The Power of Imagination (II): Abstractions, Analogy & Metaphor

Welcome back to this 3-part mini series entitled The Power of Imagination by Dr. Kevin Byron. In Part I, Kevin describes the connections between imagination and Myths, Stories, & Thought Experiments. In this post he discusses abstraction, analogy, and metaphor.  Enjoy!

Knowing the Unknowable

Abstraction concerns the mind’s extraordinary ability to think about ideas, principles and things that have no spatial or temporal presence. For example we can arrive at the abstract concept of ‘roundness’ through seeing different instances of roundness such as a football, the moon etc. The abstract can take on many forms, and two different examples are illustrated below.

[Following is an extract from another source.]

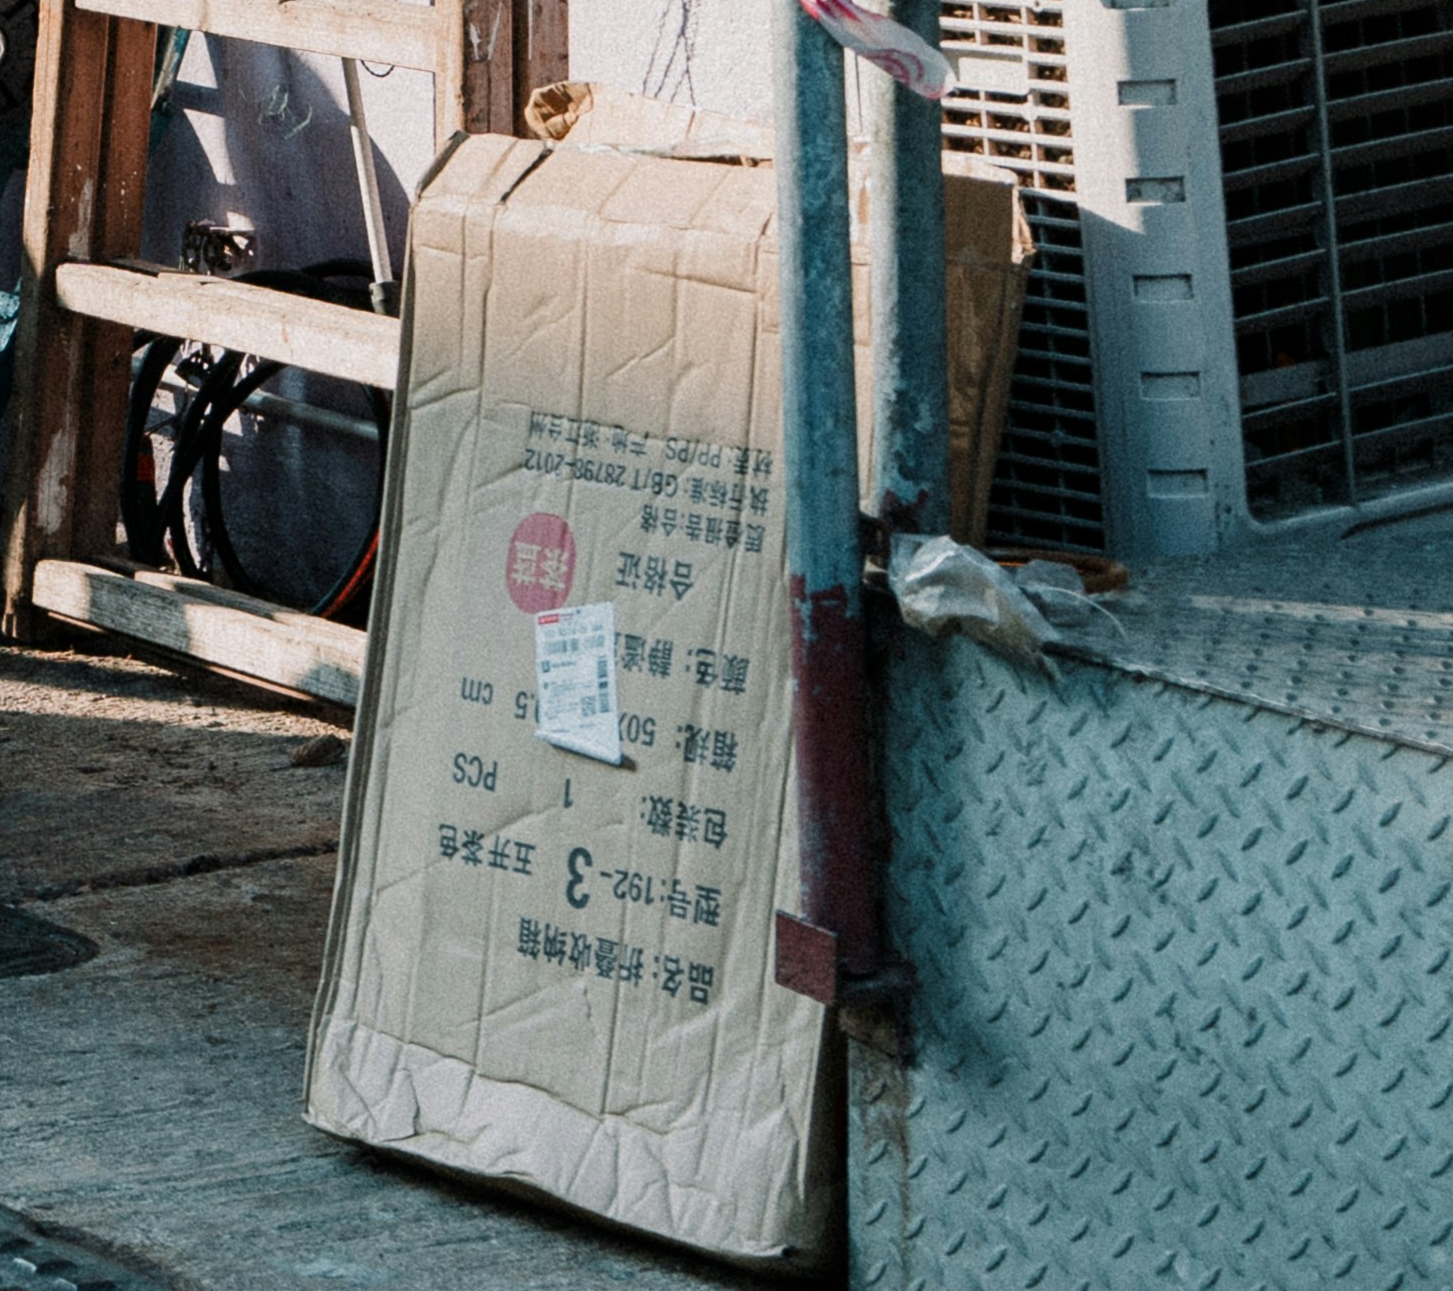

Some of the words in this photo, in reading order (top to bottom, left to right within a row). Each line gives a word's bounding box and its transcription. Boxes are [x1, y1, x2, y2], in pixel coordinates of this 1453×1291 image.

[614, 550, 694, 601] 合格证
[459, 676, 494, 707] cm
[451, 752, 498, 793] PCS

Kandinsky is a good example of an artist who pioneered abstract art (the use of shapes, colours and forms to express feelings, thoughts and ideas) and transitioned his work from the figurative to the abstract in just a few years. When he first viewed Monet’s Impressionist painting ‘Haystacks’ he said: “That it was a haystack the catalogue informed me. I could not recognize it. This non-recognition was painful to me.” However he had an epiphany after seeing one of his own figurative works that had been accidently turned on its side. Later on as he began exploring abstract art he said: “Objects hurt my pictures!”

The second example illustrates abstraction in mathematics with the introduction of other dimensions to numbers. Even though ‘numbers’ is an abstraction from a specific number, we have a more concrete sense of real numbers, whereas the idea of the square root of minus one makes no physical sense to us. A complex number has both a real and an imaginary component, and is an indispensable tool of analysis in many branches of science and engineering. It can be visualised as a two-dimensional graph, but the nature of ‘i’ is completely at odds with our understanding of numbers. Tensors appear in many forms but in the description depicted here they represent higher dimensional numbers. So a tensor is a higher dimensional complex number, and a complex number is a higher dimensional real number. We live in a 4 dimensional world (ie 3 spatial dimensions and one temporal one), and it’s impossible to visualise anything higher, yet quantum theory involves many dimensions in its theoretical formulation. The theory has produced some very abstract ideas such as an infinite number of universes, negative time and temperature and teleportation. At an applied level quantum mechanics is one of the most understood, precise areas of science that has resulted in a huge diversity of technologies.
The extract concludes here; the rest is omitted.